By BECKY RUTHERFORD
As of Wednesday of this week, the U.S. has been reporting 100,000+ new COVID-19 cases a day.
According to New Mexico health officials, we can expect more than a dozen deaths a day for weeks as infections continue. Hospitals are filling up, and healthcare staff is running thin. The state has been warning the public about this for weeks. New Mexico is expecting to run out of ICU beds within a week.
With the healthcare system already strained by the pandemic, cyber-criminals are targeting the healthcare sector. This week the Cybersecurity and Infrastructure Security Agency (CISA), the Department of Health and Human Services (HHS), and the FBI issued a joint advisory warning of “credible information of an increased and imminent cybercrime threat to U.S. hospitals and healthcare providers.”
The alert can be found here: https://us-cert.cisa.gov/ncas/alerts/aa20-302a
According to the alert, cybercriminals are increasingly targeting the U.S. Healthcare system with ransomware attacks. What is ransomware? It’s a type of malware that encrypts all data, and to regain access, users have to pay whatever ransom is requested or figure out how to decrypt. In most cases, if the victim doesn’t pay, the perpetrators have already accessed all data and will threaten to release it to the public if they do not pay. Any ransomware attack can usually be considered a potential data breach, though it depends on the attacker’s techniques. Lately the trend is to steal data as well as encrypt it.
The most common strains of ransomware being used in these attacks seem to be Ryuk and Conti.

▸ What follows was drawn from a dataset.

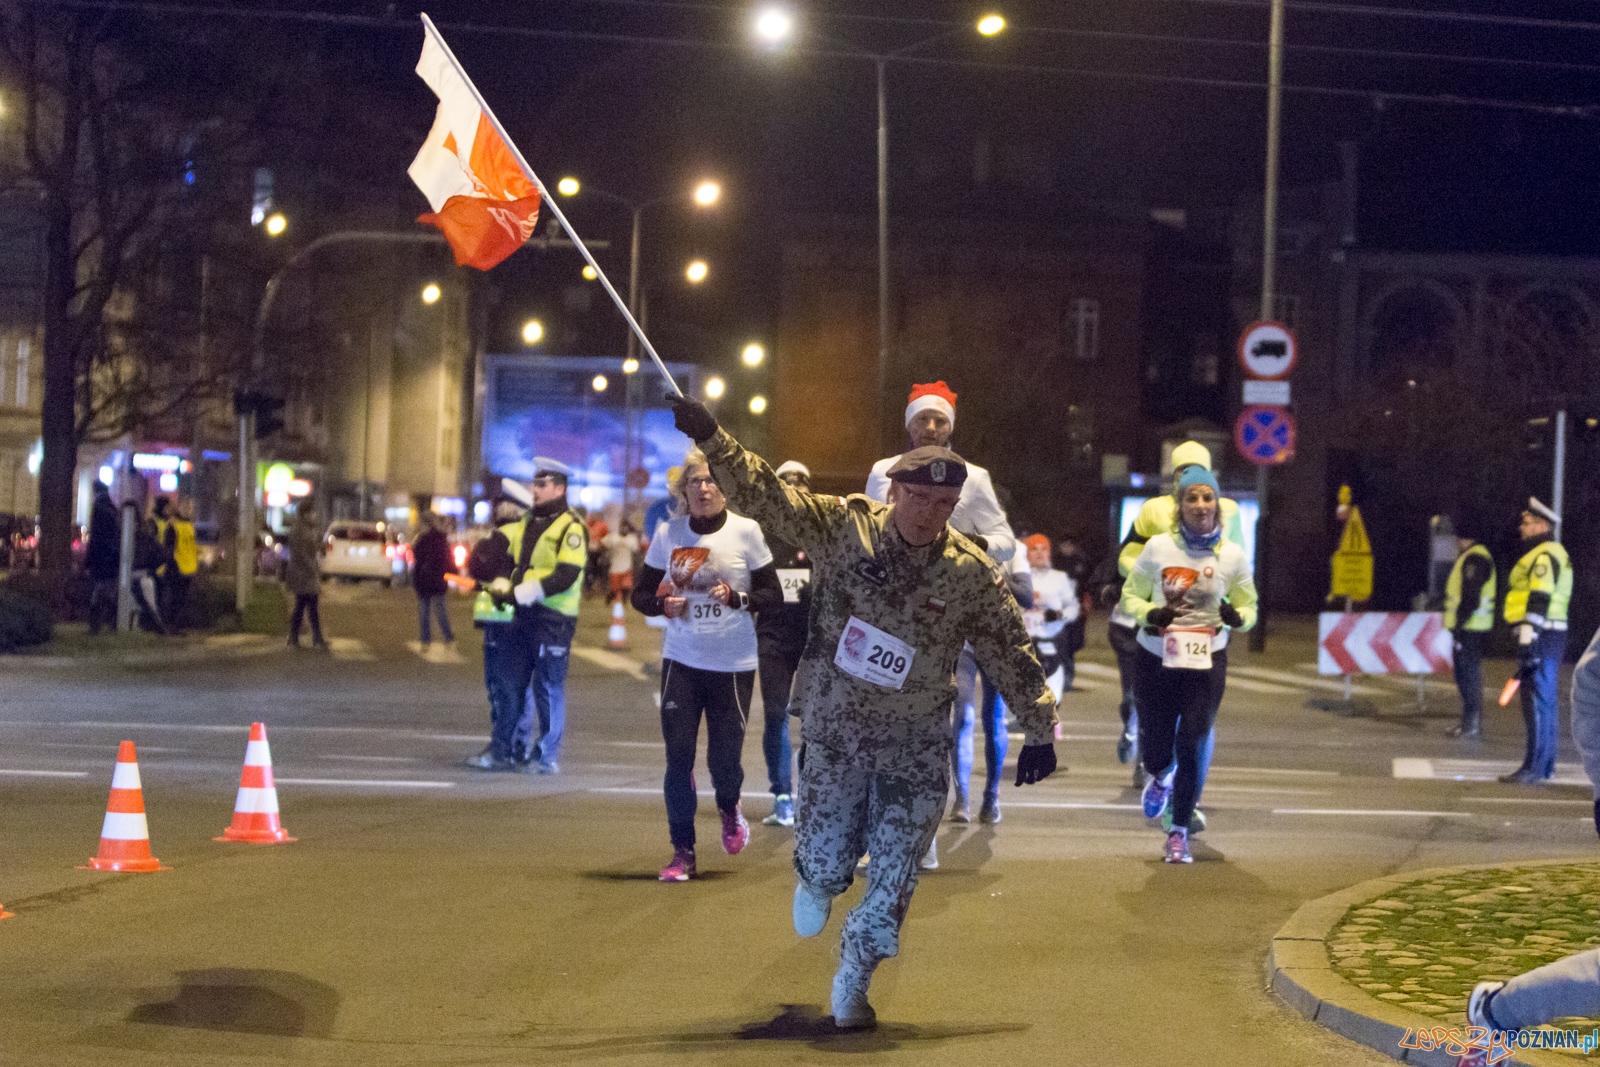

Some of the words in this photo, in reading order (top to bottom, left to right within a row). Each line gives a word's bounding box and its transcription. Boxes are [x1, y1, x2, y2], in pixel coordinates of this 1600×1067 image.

[693, 603, 722, 619] 376
[1184, 642, 1208, 655] 124
[867, 644, 906, 674] 209

According to the CISA advisory, it is likely the Trickbot gang is behind the attacks. Trickbot is a modular banking trojan, a type of malware that can also act as a “dropper” to get ransomware into systems. A “dropper” is a type of malware that is downloaded unknowingly by a user, evades anti-virus software, infects the computer, and then downloads additional malicious programs.
The most common vector of attack for ransomware is the end-user, via phishing emails. Generally, the malware is sent in a phishing email as an attachment or a link with a download, and the user unwittingly installs it. Ransomware attacks can also be launched via various vulnerabilities in software/hardware.

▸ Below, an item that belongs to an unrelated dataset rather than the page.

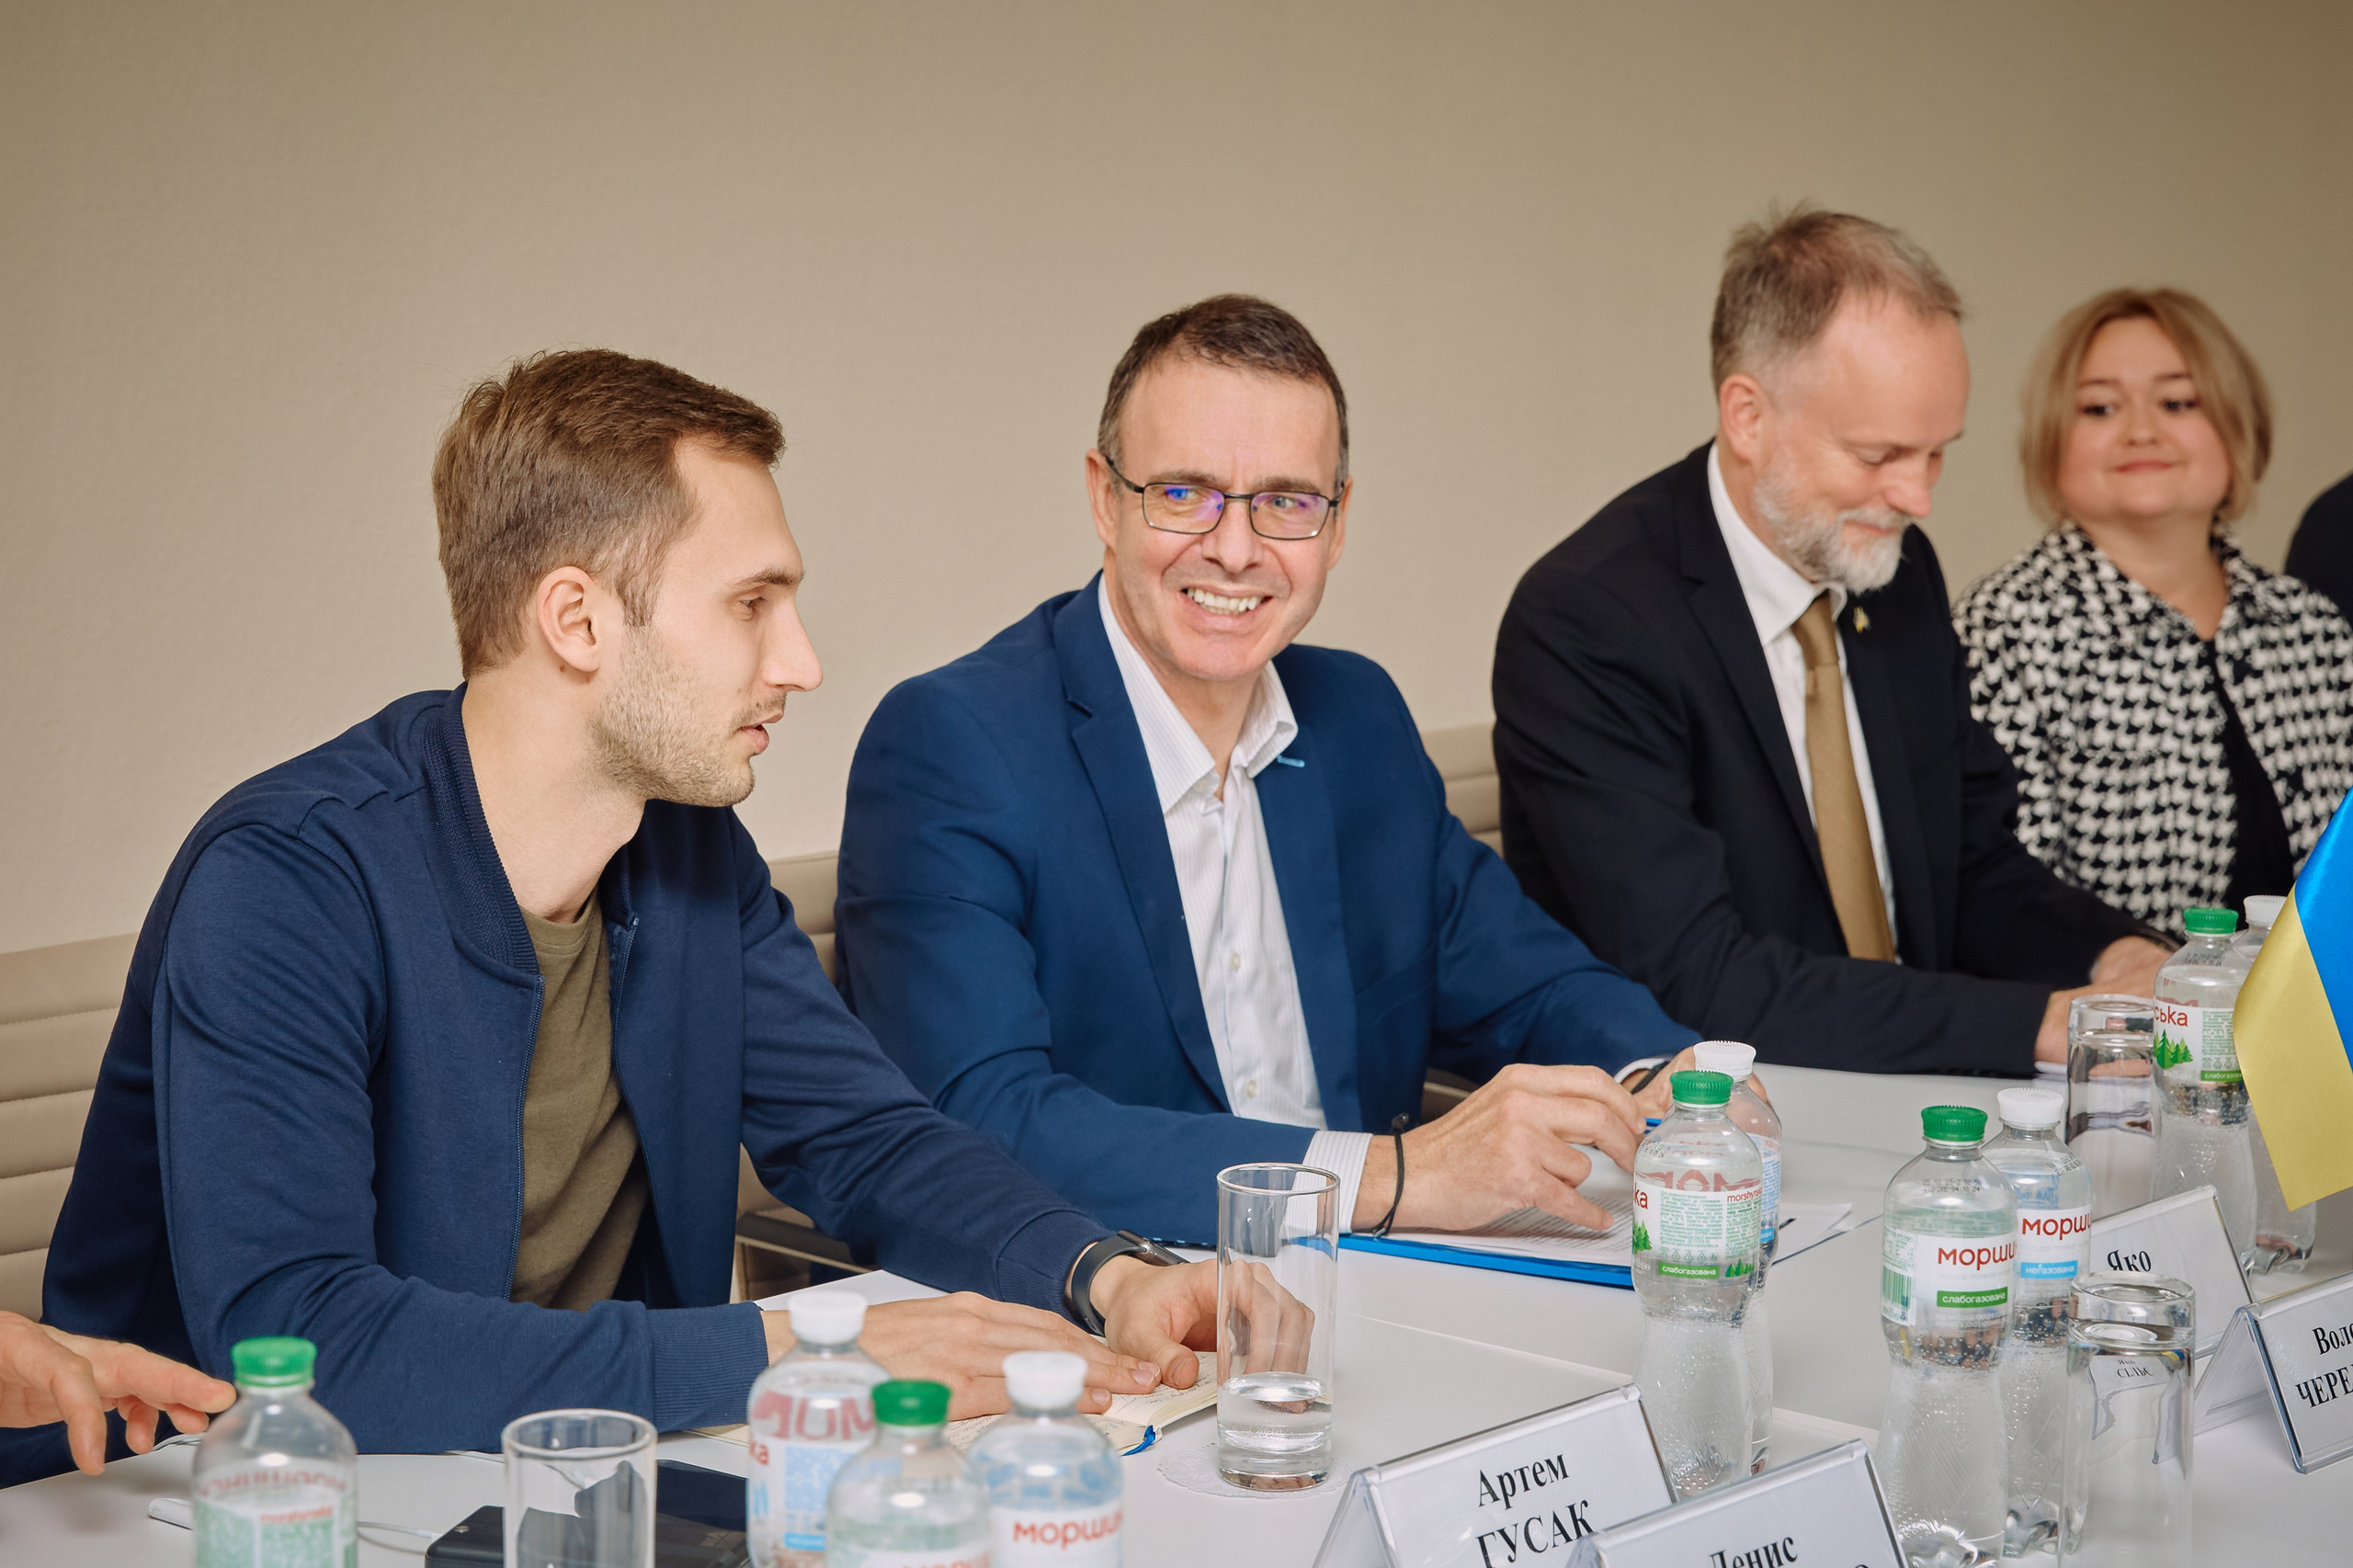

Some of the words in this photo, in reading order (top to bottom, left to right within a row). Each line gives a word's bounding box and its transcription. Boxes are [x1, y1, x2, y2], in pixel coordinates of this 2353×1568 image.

These attacks can be more technically complicated and time-consuming, and frankly, why bother when it’s so much easier to get a user to click and install the malware for you?
Multiple U.S. hospitals were hit by ransomware attacks this week, and we can expect that number to keep going up. According to USA Today, ransomware attacks have jumped 50% in the last three months, over the first half of 2020. Healthcare organizations have been among those hardest hit by these attacks. Attacks typically demand hundreds of thousands of dollars, if not millions, to decrypt the data. Over the last week, Sky Lakes, the University of Vermont Health Network, and St. Lawrence Health System in New York reported ransomware incidents. It can take weeks for a healthcare system to recover from attacks like these.

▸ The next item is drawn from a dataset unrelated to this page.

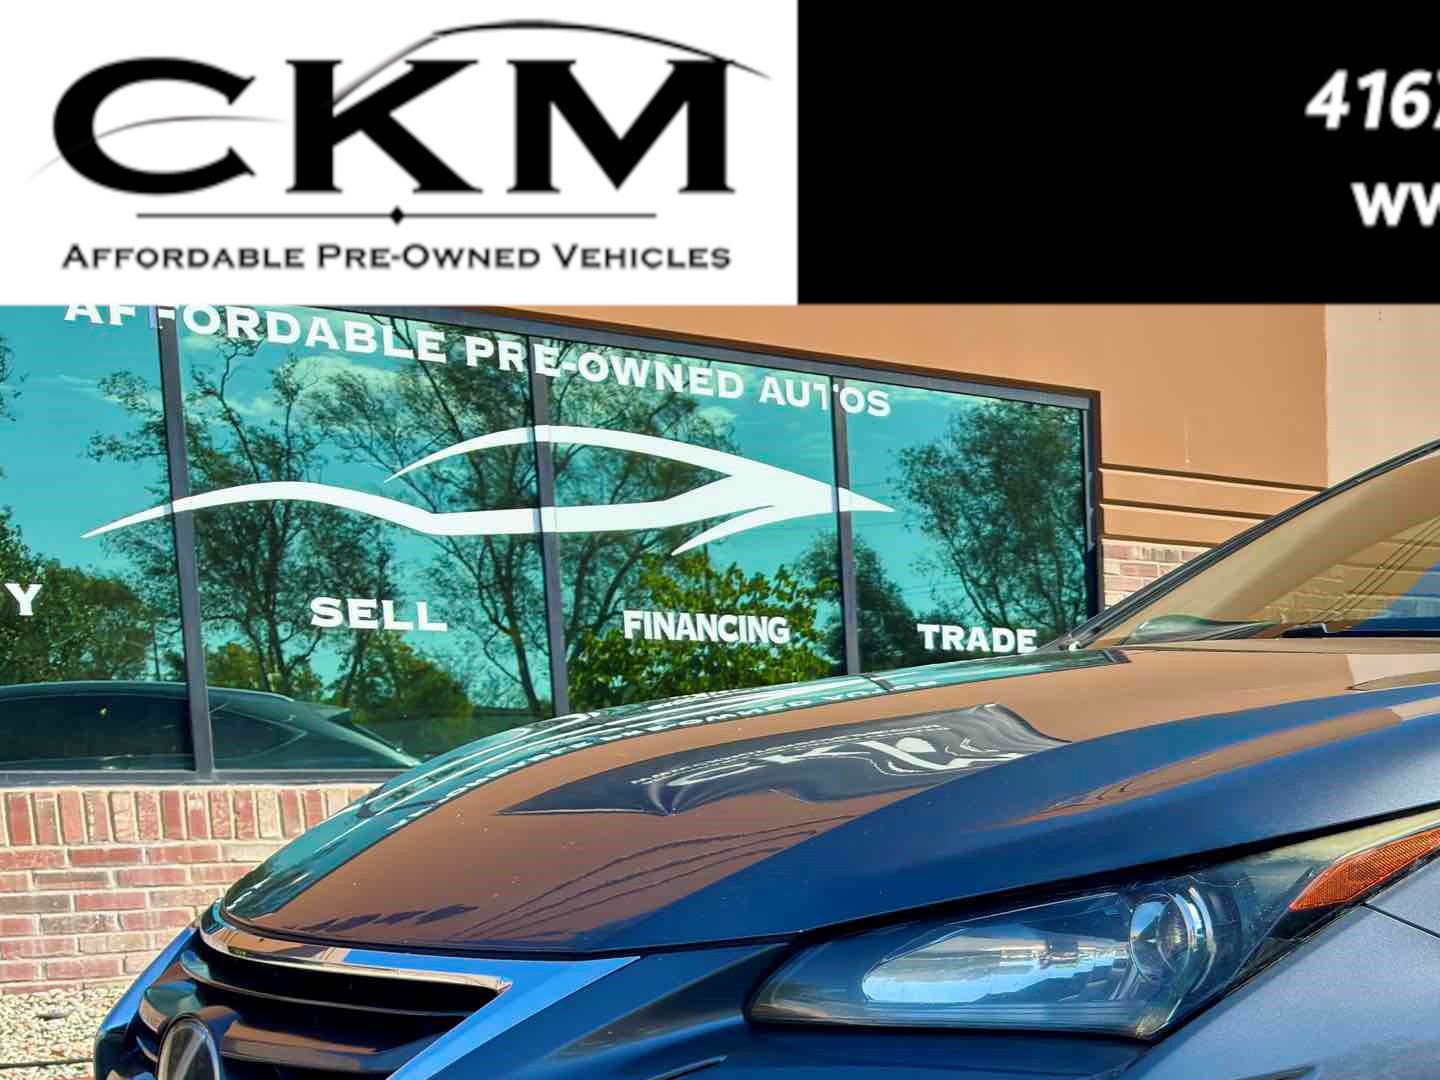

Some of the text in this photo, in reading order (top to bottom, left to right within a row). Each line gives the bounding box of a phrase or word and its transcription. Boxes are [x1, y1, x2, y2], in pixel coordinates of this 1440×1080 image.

What can healthcare providers do? Be aware that cyber-criminals are actively targeting them. Make sure that all software is being updated regularly. Make employees aware of the threat, and provide them with phishing awareness training. Invest in an email filtering program to help keep out some of the phishing emails. The healthcare systems are already strained, and if a ransomware attack hits a healthcare provider or hospital near you, there could be very negative impacts. If you work in the healthcare industry, view all external emails as potential threats. Be cautious with what you click or download.
What can the rest of us do to help? In this reporter’s opinion, now is not the time to get “pandemic fatigue.” Yes, it’s hard staying home and not seeing friends and family, but right now, it’s a crucial step to prevent transmission of COVID-19. Mask up, and protect yourself, your family, and your community.
The best way to fight back against the pandemic is by being safe, staying home when you can, and wearing a mask when you can’t. It’s hard, it sucks sometimes, but we can do it.
Editor’s note: Becky Rutherford works in information technology at Los Alamos National Laboratory.